[Referring expression grounding data]
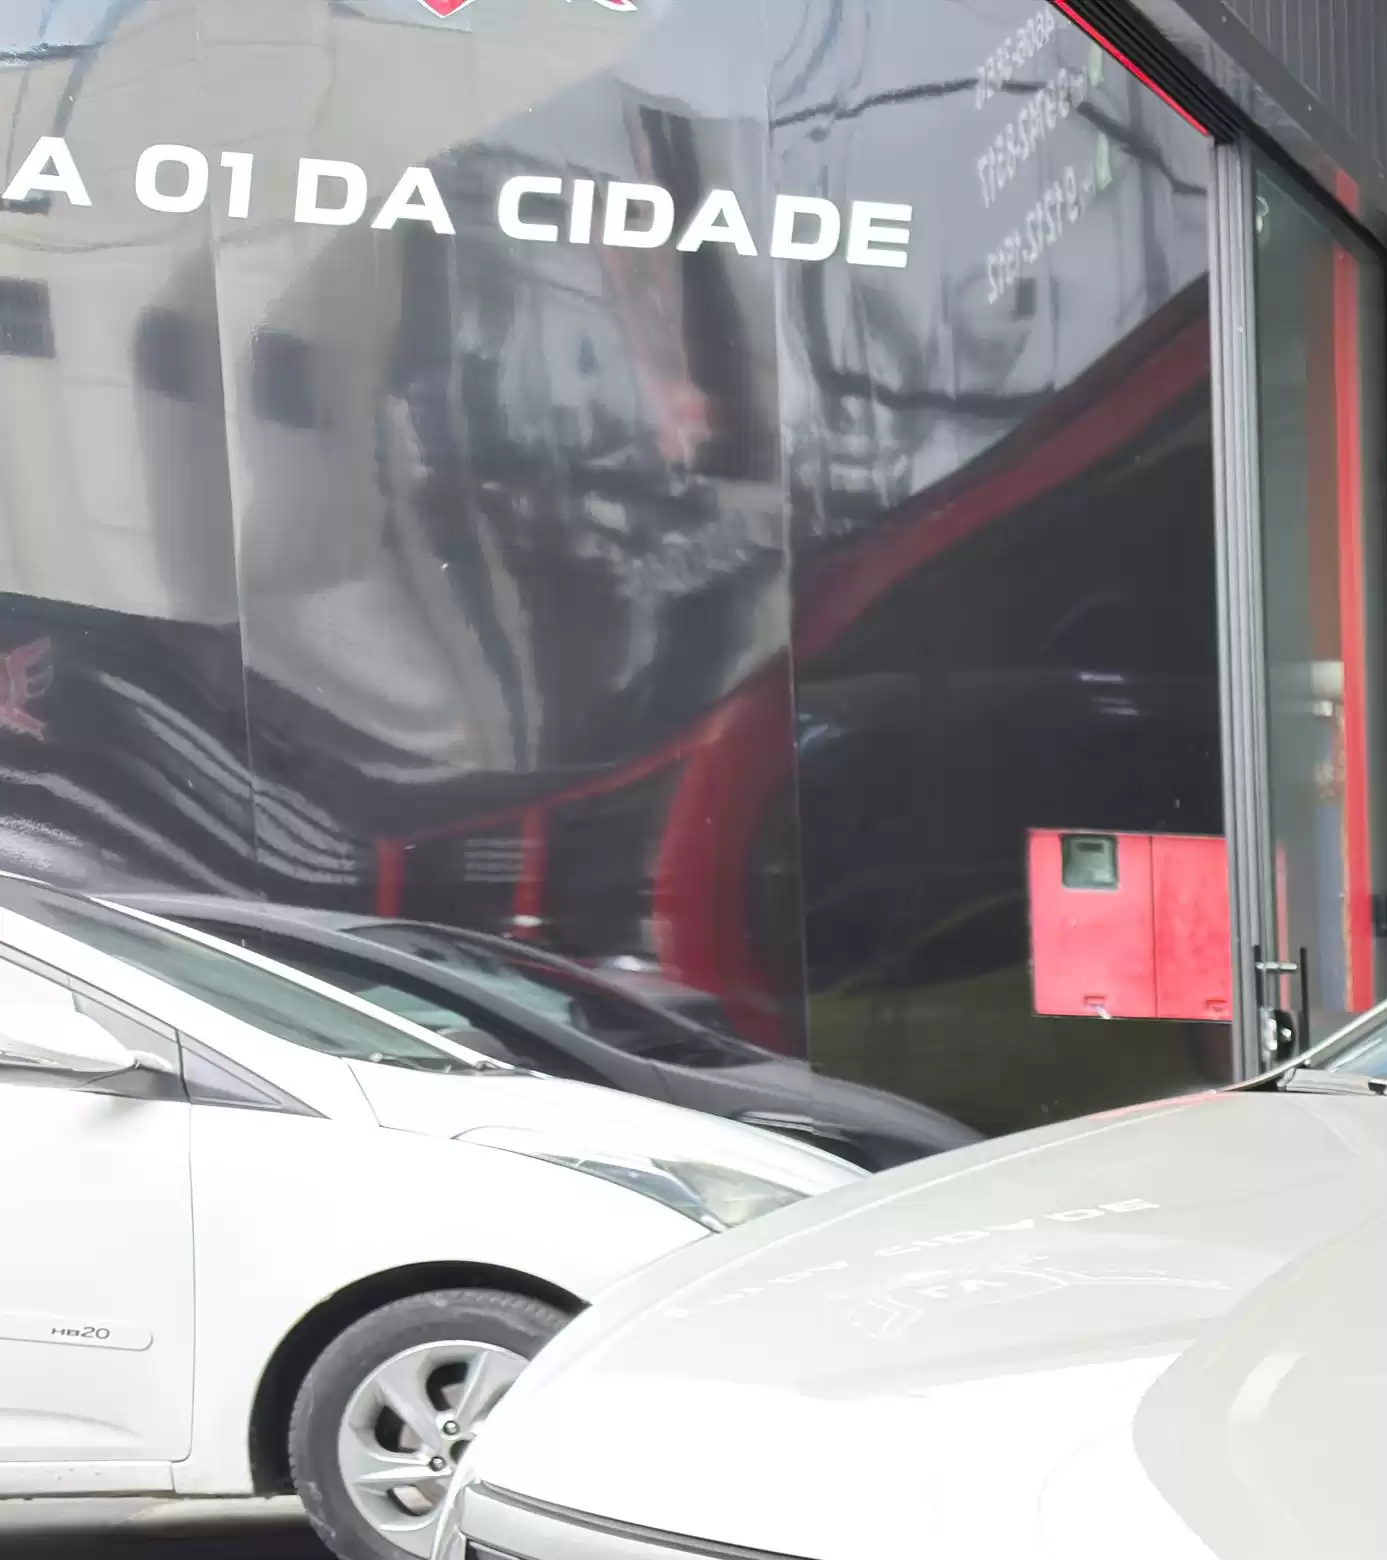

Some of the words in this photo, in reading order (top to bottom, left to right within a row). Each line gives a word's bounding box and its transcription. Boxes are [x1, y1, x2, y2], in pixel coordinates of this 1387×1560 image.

[1, 136, 93, 207] A
[295, 158, 456, 235] DA
[498, 176, 913, 268] CIDADE
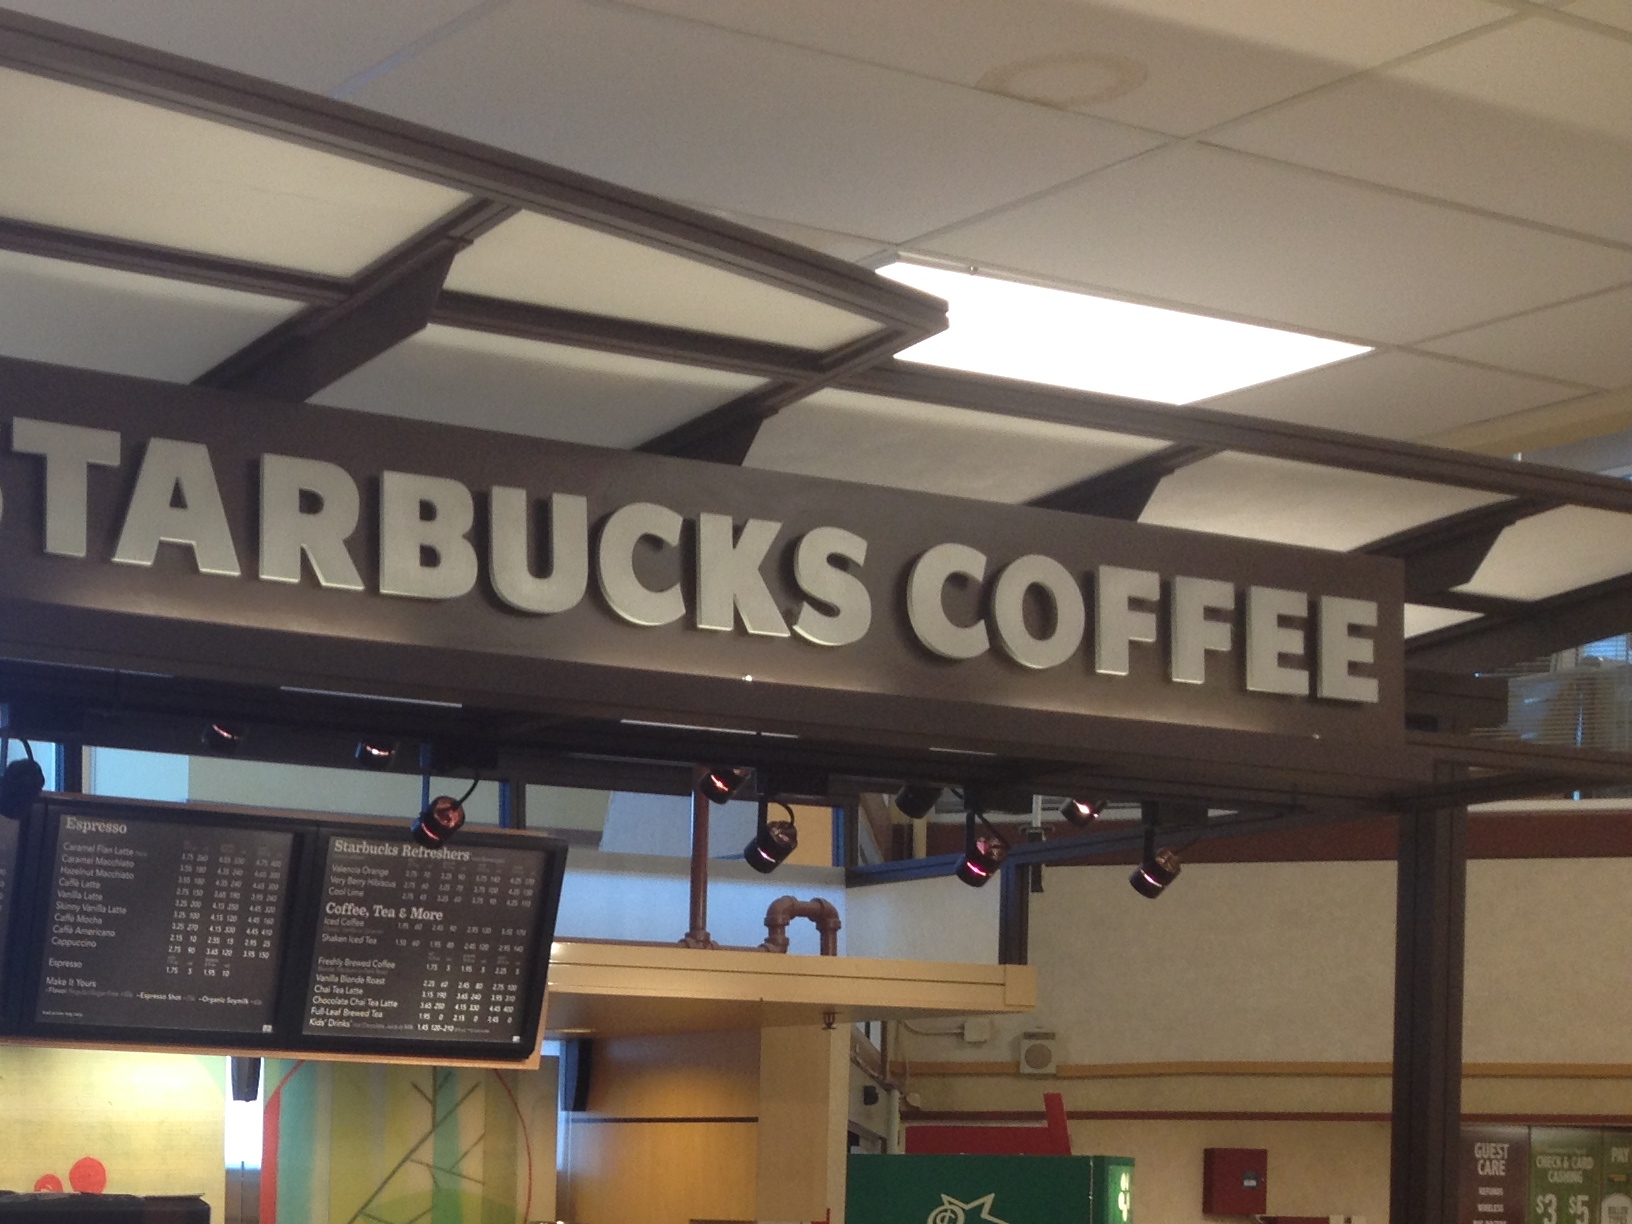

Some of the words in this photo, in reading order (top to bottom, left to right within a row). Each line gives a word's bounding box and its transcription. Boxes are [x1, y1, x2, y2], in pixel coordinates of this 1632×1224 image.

[907, 542, 1379, 703] COFFEE
[66, 817, 128, 834] Espresso
[334, 840, 399, 856] Starbucks
[401, 844, 471, 861] Refreshers
[56, 900, 81, 912] Skinny
[82, 902, 107, 913] Vanilla
[107, 905, 127, 915] Latte
[325, 901, 370, 919] Coffee,
[373, 904, 396, 918] Tea
[398, 907, 407, 918] &
[410, 906, 444, 920] More
[51, 936, 97, 948] Cappuccino
[48, 957, 82, 969] Espresso
[318, 956, 343, 968] Freshly
[344, 958, 371, 967] Brewed
[372, 959, 396, 969] Coffee
[312, 995, 349, 1005] Chocolate
[349, 997, 366, 1006] Chai
[367, 998, 379, 1007] Tea
[380, 999, 399, 1008] Latte
[1474, 1142, 1510, 1159] GUEST
[1477, 1159, 1506, 1176] CARE
[1535, 1155, 1562, 1168] CHECK
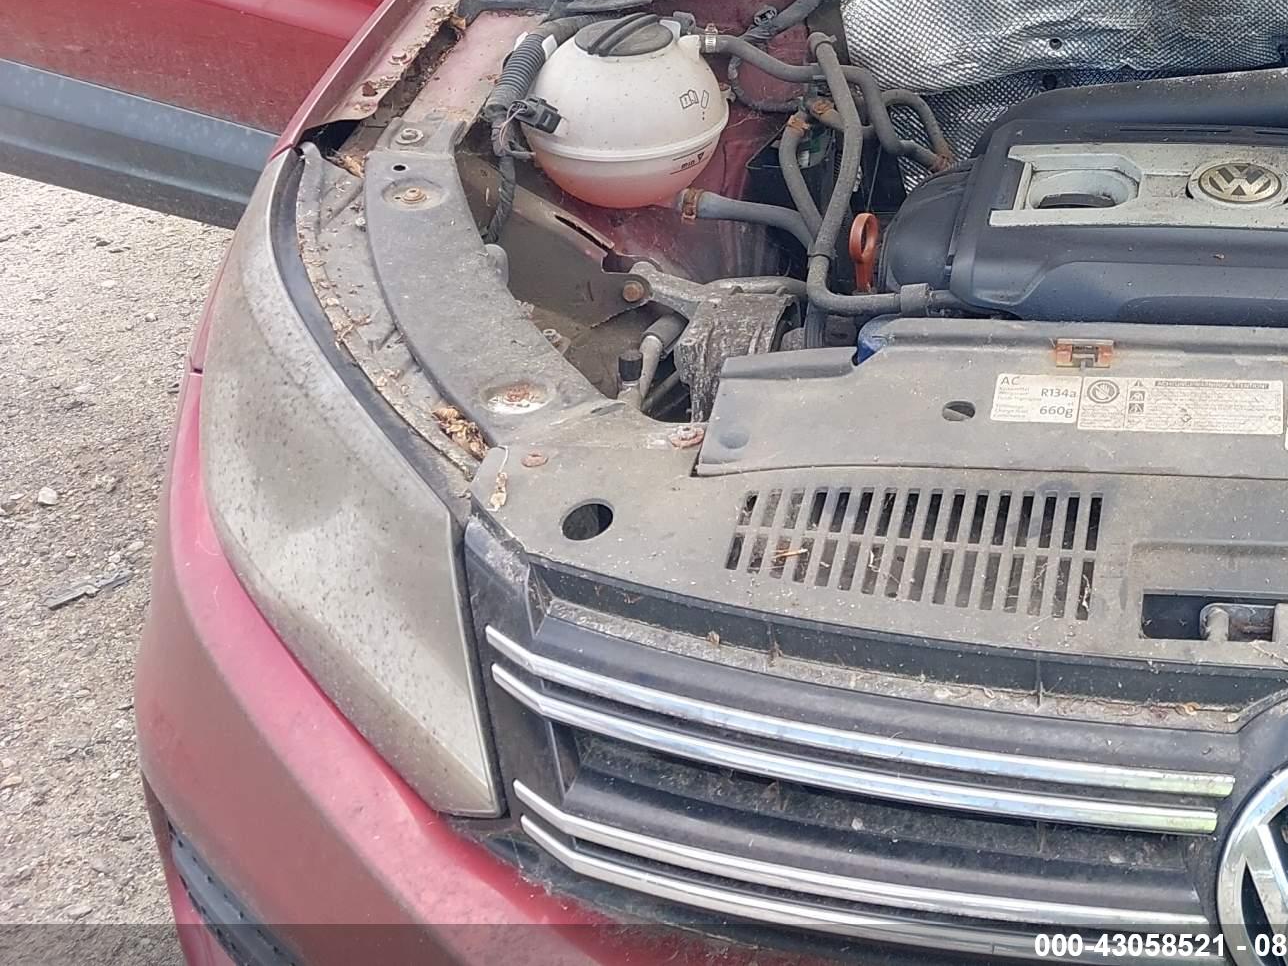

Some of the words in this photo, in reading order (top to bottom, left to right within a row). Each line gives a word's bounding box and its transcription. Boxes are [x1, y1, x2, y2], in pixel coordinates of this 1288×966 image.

[1000, 376, 1020, 386] AC
[1041, 388, 1077, 398] R134a
[1040, 406, 1073, 418] 660g

The problem: Write each line exactly as it appears, from the line that holds "this 1632×1224 image." through the closing line of the data above, and leave every picture out.

Answer section:
Some of the words in this photo, in reading order (top to bottom, left to right within a row). Each line gives a word's bounding box and its transcription. Boxes are [x1, y1, x2, y2], in pixel coordinates of this 1632×1224 image.

[907, 542, 1379, 703] COFFEE
[66, 817, 128, 834] Espresso
[334, 840, 399, 856] Starbucks
[401, 844, 471, 861] Refreshers
[56, 900, 81, 912] Skinny
[82, 902, 107, 913] Vanilla
[107, 905, 127, 915] Latte
[325, 901, 370, 919] Coffee,
[373, 904, 396, 918] Tea
[398, 907, 407, 918] &
[410, 906, 444, 920] More
[51, 936, 97, 948] Cappuccino
[48, 957, 82, 969] Espresso
[318, 956, 343, 968] Freshly
[344, 958, 371, 967] Brewed
[372, 959, 396, 969] Coffee
[312, 995, 349, 1005] Chocolate
[349, 997, 366, 1006] Chai
[367, 998, 379, 1007] Tea
[380, 999, 399, 1008] Latte
[1474, 1142, 1510, 1159] GUEST
[1477, 1159, 1506, 1176] CARE
[1535, 1155, 1562, 1168] CHECK

Some of the words in this photo, in reading order (top to bottom, left to right within a row). Each line gives a word's bounding box and its transcription. Boxes are [x1, y1, x2, y2], in pixel coordinates of this 1288×966 image.

[1000, 376, 1020, 386] AC
[1041, 388, 1077, 398] R134a
[1040, 406, 1073, 418] 660g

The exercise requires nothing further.